Cambodia, Country of Mosts
Cambodia is in a perpetual state of mood swings. It’s an up-and-down sort of place that teases away any sense of normalcy with its extremes. After traveling through Cambodia last month I fail to find a pretty paper box to wrap it up in. Just when you want to call it beautiful, it hurls a city slum at you. Just when you think it’s relaxing, a tuk-tuk plows you over. The only simple way I can sum up Cambodia is to say that it is a country of “most”; the most exotic, the most poor, the most opulent far past, the most horrific recent history, the most gracious people, the most heart-breaking stories. Cambodia manages to win most categories for most good and most bad.
After our 14-hour bus ride from Saigon to Siem Reap, I was feeling perhaps the most grumpy I ever have. But after a good night’s sleep in one of the most comfy hotels I’ve stayed in, JD and I were ready to jump and jive with Cambodia. We put off seeing the notorious Angkor complex to first view some of the less famous temples here, there and everywhere around Siem Reap. We wandered in a baseball-to-the-head-like daze, complete with open mouths and stupid faces. Everywhere was Ornate in her finest slippers. Even the balustrade was meticulously carved. Each inch of wall was an opportunity seized to celebrate art, celebrate religion and, quite frankly, to show off. Sunset at Angkor Wat sealed the deal and left me somewhere between now and the twelfth century.
After that things along the Tourist Trail only got better. We did everything we’d come to do, but found we still wanted more. Sunrise at Angkor Wat where we mentally blocked out the thousand other tourists? Check. Tomb Raider tree temple? Check. Monks in orange robes peaking out poetically from ancient doorways? Check. The Chinese tour buses left satisfied, while we readied ourselves for the next phase of the adventure like greedy monkeys.
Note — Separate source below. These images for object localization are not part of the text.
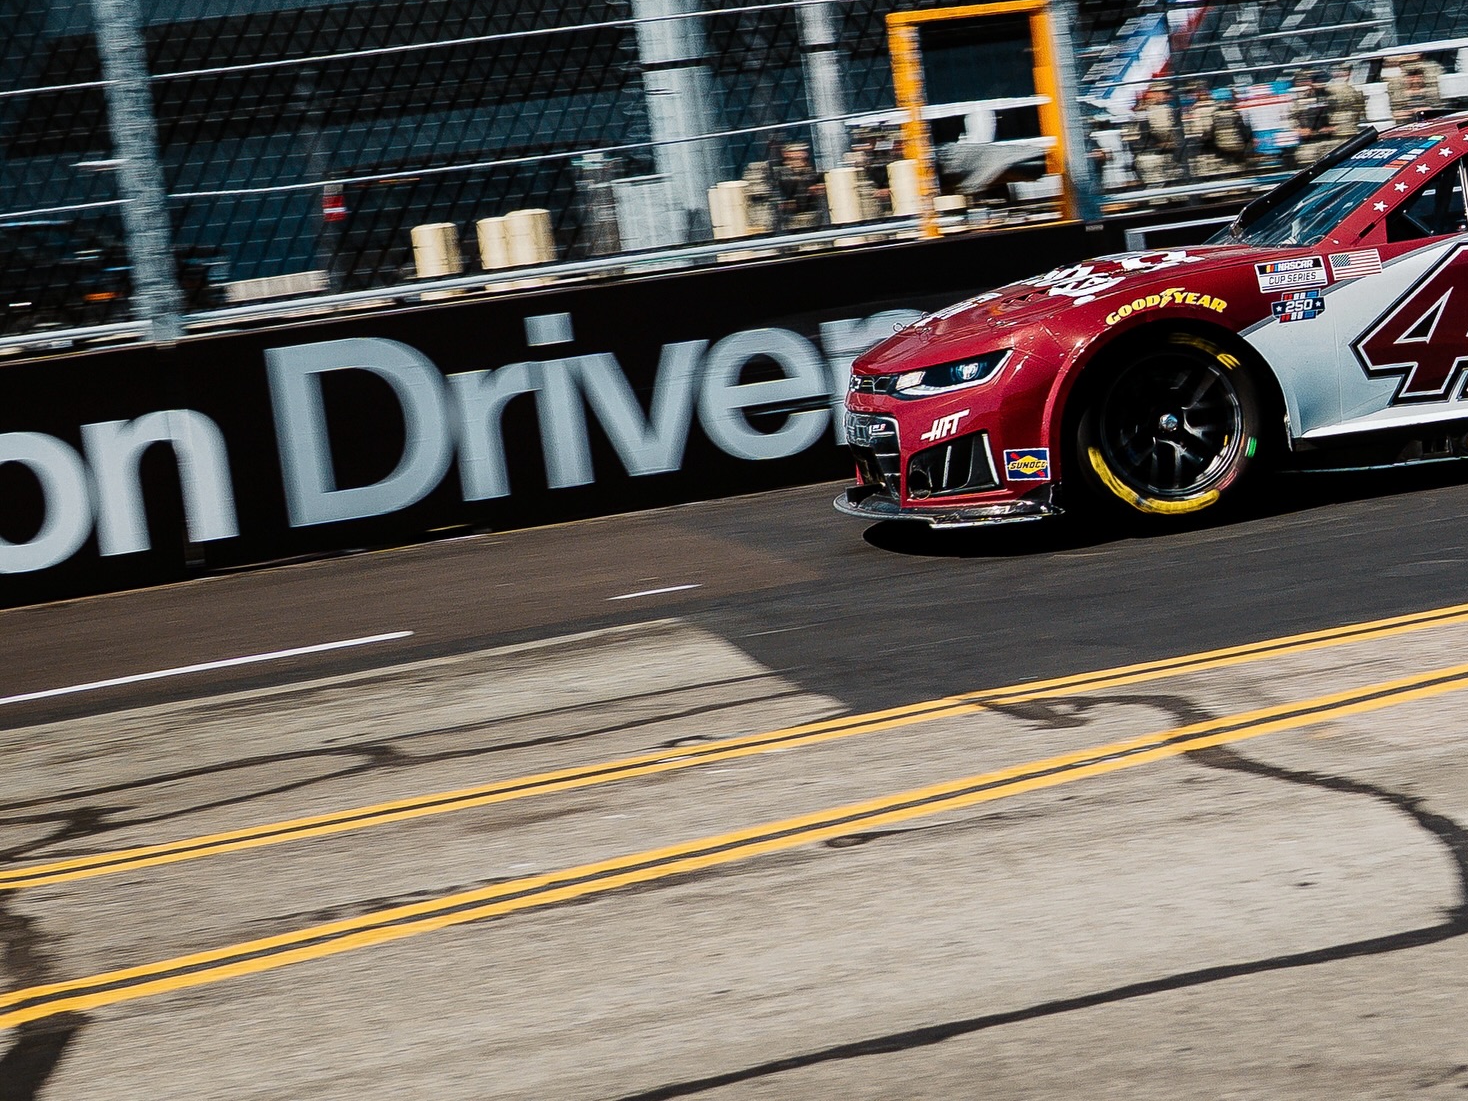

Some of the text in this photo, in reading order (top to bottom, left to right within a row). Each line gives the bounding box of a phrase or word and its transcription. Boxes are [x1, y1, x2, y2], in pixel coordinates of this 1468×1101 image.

[1277, 259, 1314, 272] NASCAR
[1268, 271, 1317, 286] CUP SERIES
[1105, 287, 1228, 326] GOODYEAR
[1285, 299, 1313, 313] 250
[920, 408, 971, 442] HFT
[1010, 459, 1048, 471] SUNOCO
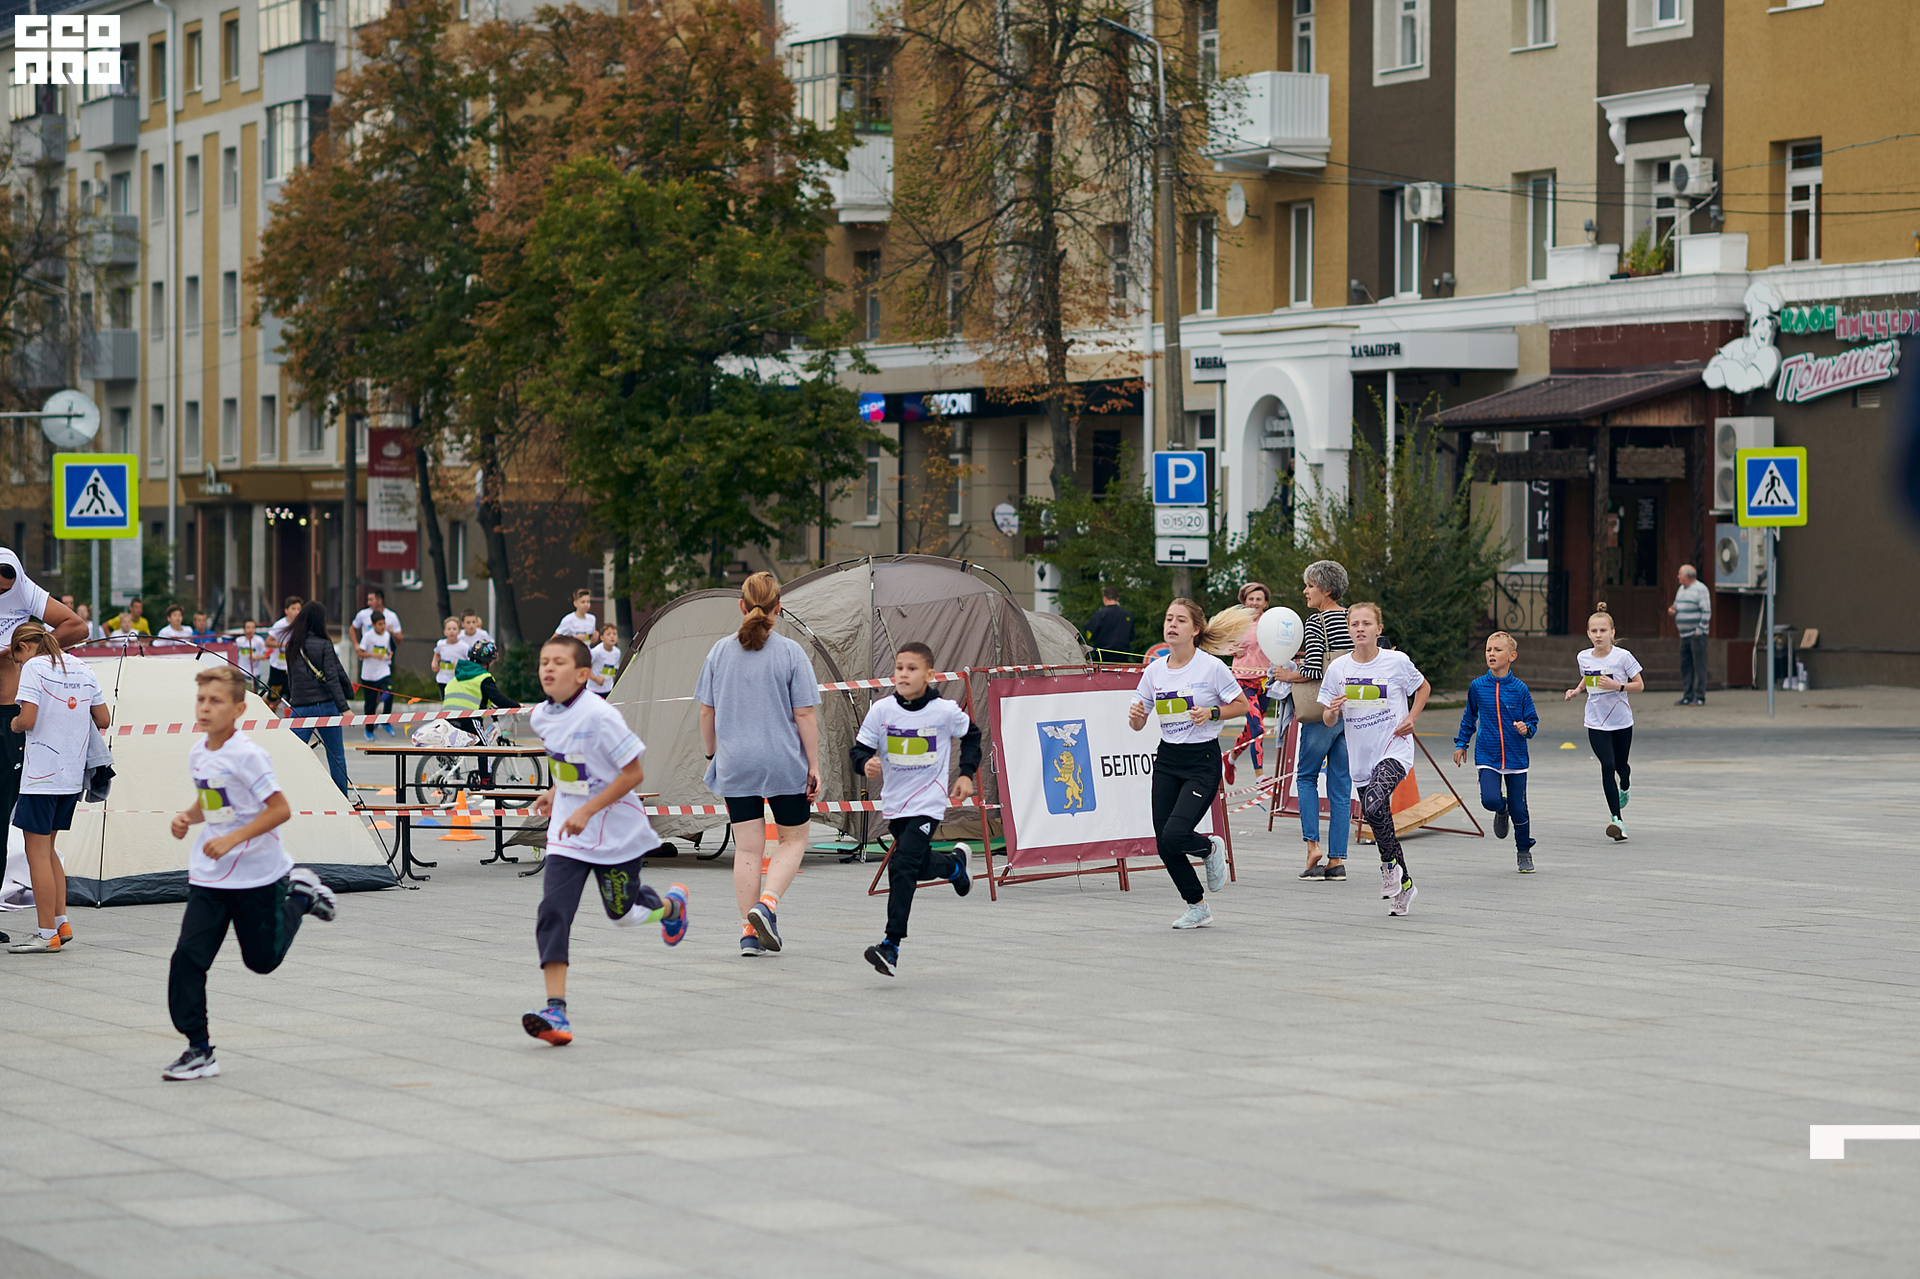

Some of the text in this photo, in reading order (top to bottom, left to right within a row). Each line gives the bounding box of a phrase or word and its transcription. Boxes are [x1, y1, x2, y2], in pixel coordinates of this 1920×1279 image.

[1781, 305, 1836, 334] КАФЕ
[1351, 342, 1400, 358] ХАЧАПУРИ
[930, 393, 972, 415] OZON
[1168, 458, 1196, 499] P
[1173, 517, 1183, 527] 15
[1187, 516, 1201, 527] 20
[1591, 676, 1596, 687] 1
[1357, 685, 1365, 700] 1
[1166, 699, 1173, 714] 1
[901, 738, 909, 755] 1
[554, 762, 560, 780] 1
[201, 790, 209, 810] 1
There were more definable items to add to our Done It list. There was the Landmine Museum, the fish/foot massage and downtown Siem Reap. In Phnom Penh there was S-21 and the Killing Fields, (which we accidentally and creepily visited on Halloween). There was the walk along the Mekong River, and the documentaries of Pol Pot we watched alongside every other tourist to ever visit Phnom Penh. The experiences ranged from the most interesting to the most startling.
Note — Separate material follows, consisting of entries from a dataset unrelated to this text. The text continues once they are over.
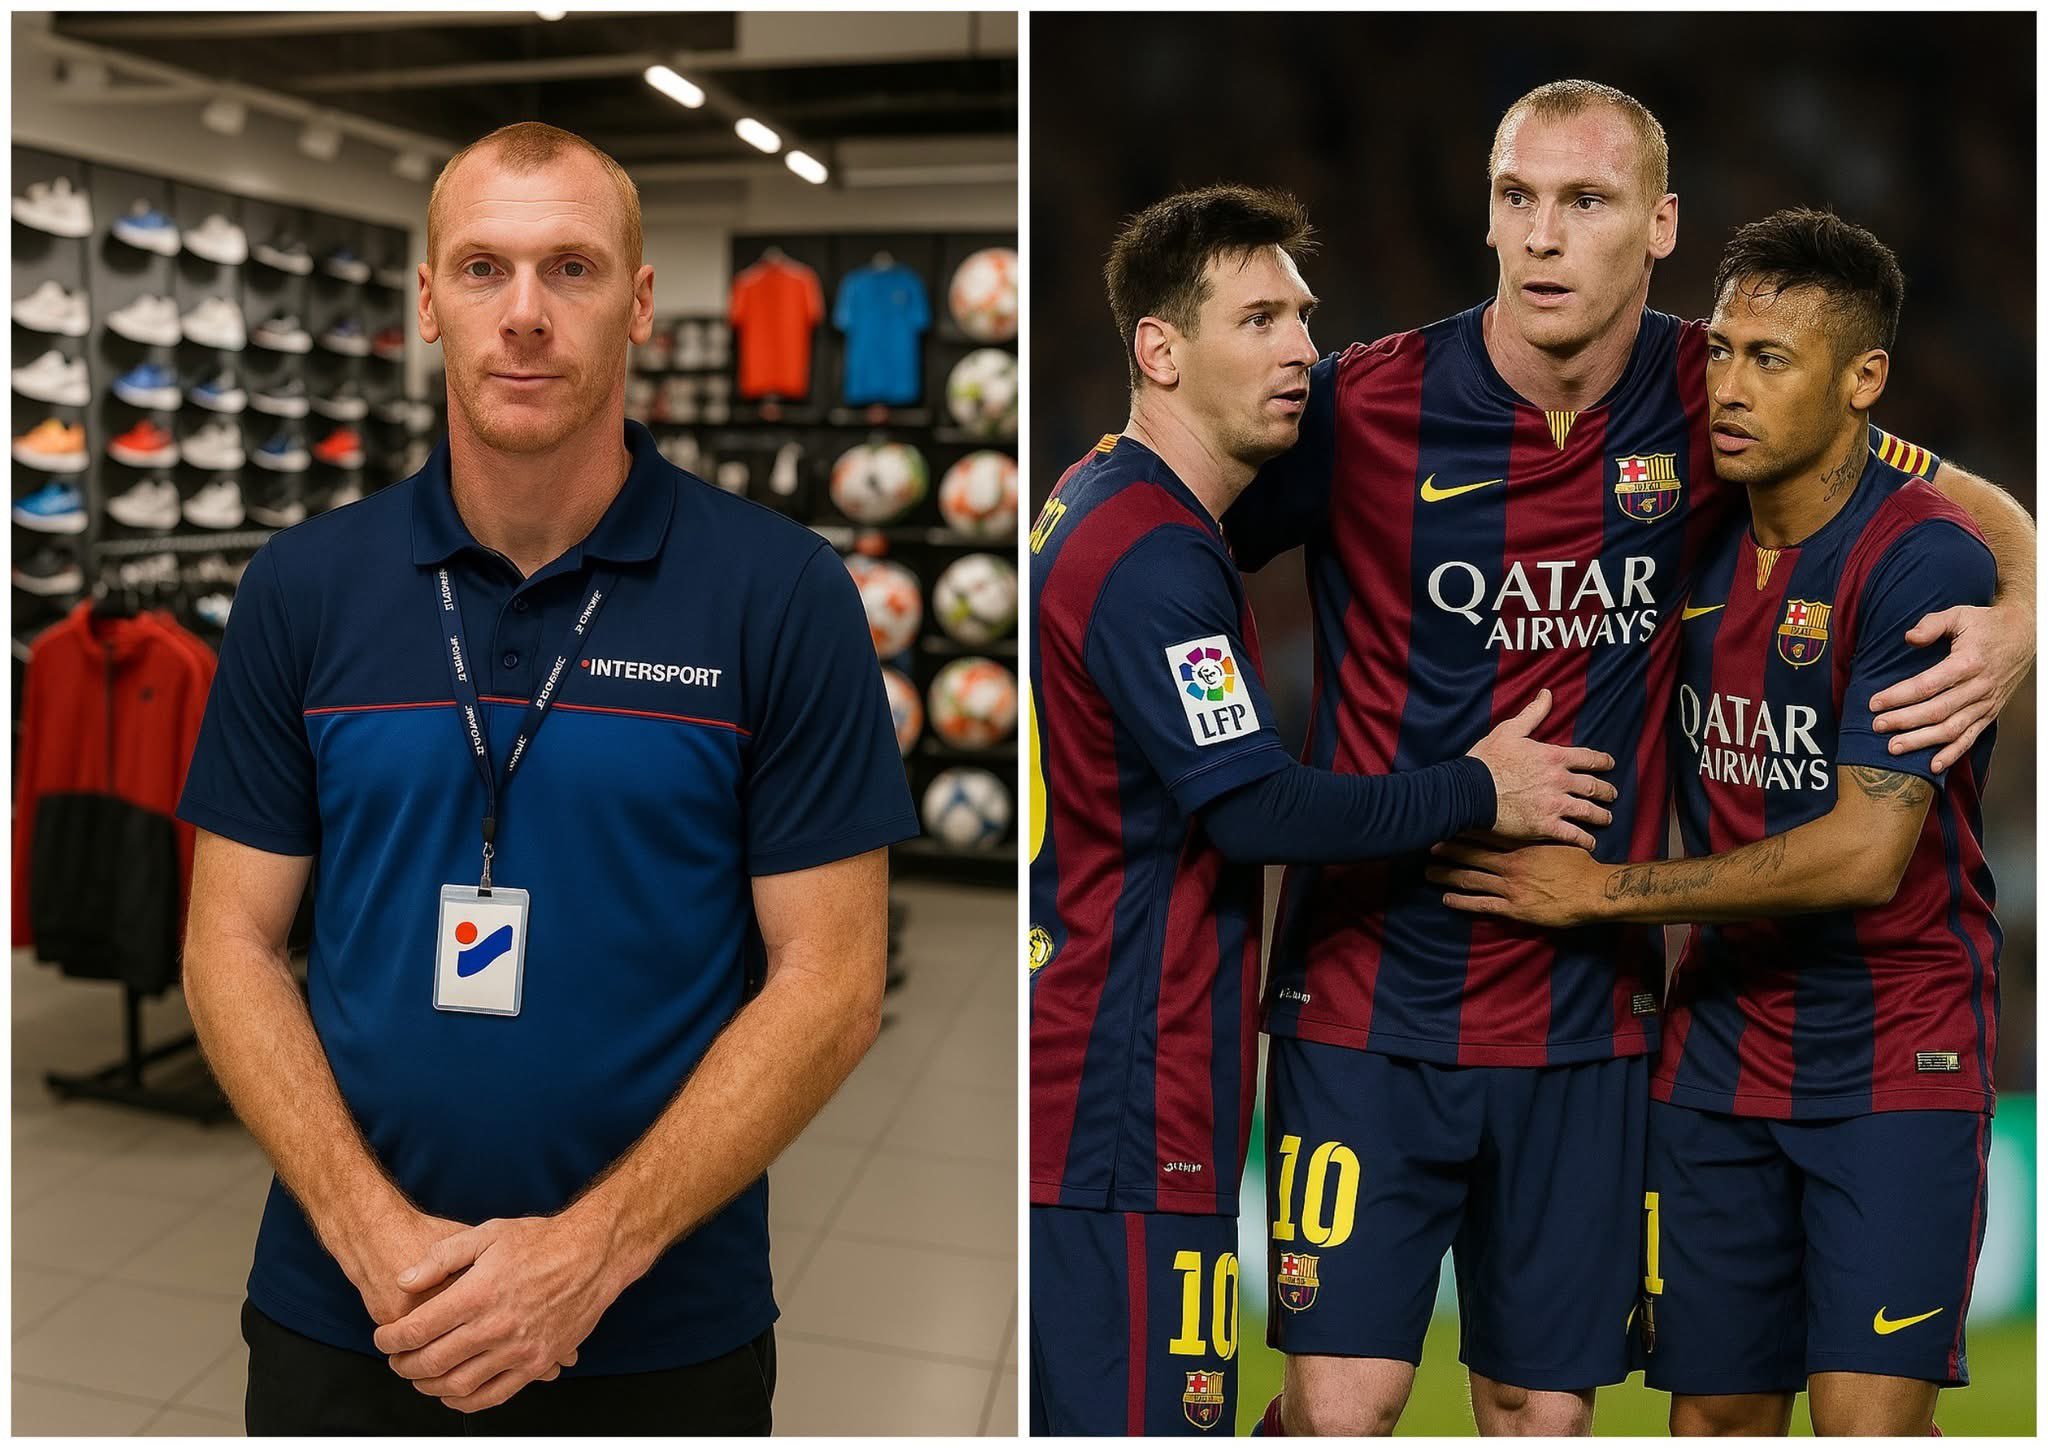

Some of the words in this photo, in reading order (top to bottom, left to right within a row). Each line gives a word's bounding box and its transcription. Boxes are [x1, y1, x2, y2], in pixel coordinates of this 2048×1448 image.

[1428, 556, 1656, 625] QATAR
[1485, 609, 1658, 651] AIRWAYS
[590, 658, 722, 687] INTERSPORT
[1197, 703, 1246, 739] LFP
[1679, 683, 1824, 756] QATAR
[1699, 745, 1830, 791] AIRWAYS
[1272, 1134, 1361, 1248] 10
[1169, 1250, 1239, 1361] 10
Then there were the other parts of Cambodia I met, which I struggle to so nicely put commas in between. There was the poverty. Everywhere, always, except when we would inexplicably find ourselves in a restaurant far fancier than anything back home. There were beggars, land mine victims and dirty babies that made me feel sad, fortunate and uncomfortable all in one strange sandwich wrapped in guilt. There were tuk tuk drivers and hotel attendants whose niceness went beyond Tip Me and teetered dangerously on Sincere. There were fellow bar patrons from across the country, keen to hear our stories rather than tell their own – and one funny little girl who entertained us while she slaughtered her pet worm by making him dance, before convincing us to buy ugly string bracelets we didn’t need. There was the progress(ish). Each block of the cities seemed to alternate between buildings being developed, and buildings entirely forgotten. Worn stone carvings were timeless but also boring against bright Happy Hour signs. There was the general chaos. Rush hour was a mix of scooters, tuk tuks, the odd Range Rover and farm trucks stuffed with too many people in awkward positions. Again and again Cambodia refused to give us a concrete definition.
We ended our time in Cambodia sad that it was time to go, relieved that it was time to go and still confused. My first trip there leaves me with more questions than answers, and a profound want to learn more. Is this a place with the most hope for the future, or the most despair? Is this a country to be described as the most beautiful or the most wretched?
Above all Cambodia is a place with the most still left to be discovered.